Rad50 ATP‐driven movements regulate DSB repair in vivo
To comprehensively test the separation‐of‐function mutations, we examined the effects of the Rad50 mutations in S. cerevisiae, S. pombe, and in vitro signaling assays to develop an integrated functional model for ATP‐induced conformational changes. First, we made I1214W and R1217E mutations in the RAD50 gene of S. cerevisiae, (equivalent to the L802W and R805E mutations in P. furiosus Rad50). The Rad50 WT and mutant alleles were expressed under the control of the inducible CUP1 promoter to normalize the expression levels (Supplementary Fig S6). These strains were exposed to camptothecin (CPT), which induces DNA strand breaks during replication by creating topoisomerase I covalent complexes. The strain expressing the I1214W mutant grew as well on CPT as the strain expressing WT protein, but the strain expressing the R1217E mutant grew very poorly on CPT, indicating an inability to repair endogenous DNA damage by homologous recombination (Fig 8A). Consistent with this phenotype, a defect in resection was also seen with the R1217E mutant in an assay for single‐strand annealing which requires extensive resection (25 kb) for repair (Fig 8B). Lastly, we observed that resection of an HO endonuclease‐induced break was rapid in rad50 strains expressing the WT or I1214W alleles but that the strain expressing the R1217E allele was similar to the uncomplemented strain, again indicating a resection defect associated with R1217E (Supplementary Fig S6D).

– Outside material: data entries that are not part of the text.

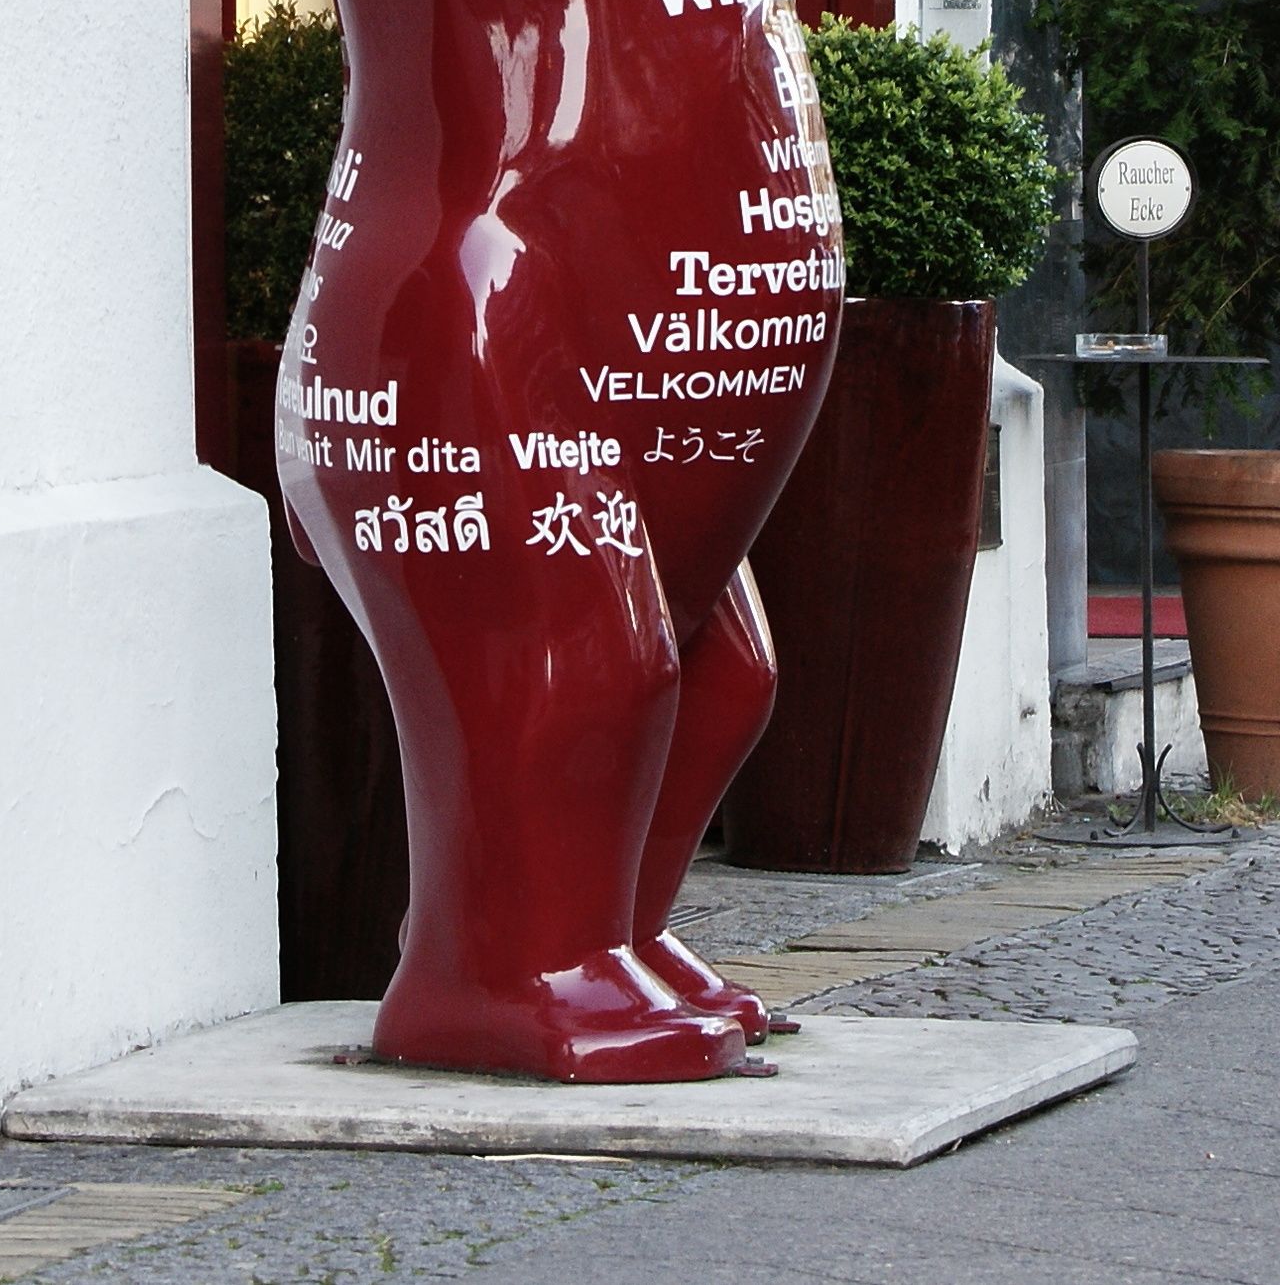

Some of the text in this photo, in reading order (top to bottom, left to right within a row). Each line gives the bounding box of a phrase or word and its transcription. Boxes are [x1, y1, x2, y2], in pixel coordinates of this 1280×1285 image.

[1119, 160, 1175, 185] Raucher
[1129, 196, 1163, 221] Ecke
[627, 309, 826, 353] Välkomna
[580, 364, 806, 402] VELKOMMEN
[345, 437, 396, 472] Mir
[407, 437, 481, 473] dita
[508, 431, 621, 475] Vitejte
[643, 427, 765, 464] ようこそ
[354, 491, 491, 553] สวัสดี
[525, 490, 644, 557] 欢迎

We also examined non‐homologous end joining in budding yeast, using two different assays. First, we used a chromosomal assay in which both precise and imprecise joining products can be quantitated (Palmbos et al, 2005; Supplementary Fig S6). Unlike the assay for CPT sensitivity, here both the R1217E and I1214W mutants showed a robust activity in promoting NHEJ, similar to the WT complemented strain (Fig 8C). Second, we used overexpression of the EcoRI restriction endonuclease to generate DSBs across the genome (Lewis et al, 1999). In this case the R1217E mutant improved the survival of the complemented rad50 deletion strain significantly more than the WT or I1214W proteins, indicating a gain‐of‐function in this case where a massive DSB load has to be repaired for cell survival. Thus the R1217E mutant shows a separation‐of‐function such that the resection activities are specifically impaired but the end joining activities are intact and even hyperactive, consistent with the R805E Rad50 mutant results in vitro. The I1214W mutant shows nearly WT levels of function in all assays, similar to the Rad50 L802W mutant in vitro and consistent with the dominant role of homologous recombination in budding yeast repair of DNA double‐strand breaks.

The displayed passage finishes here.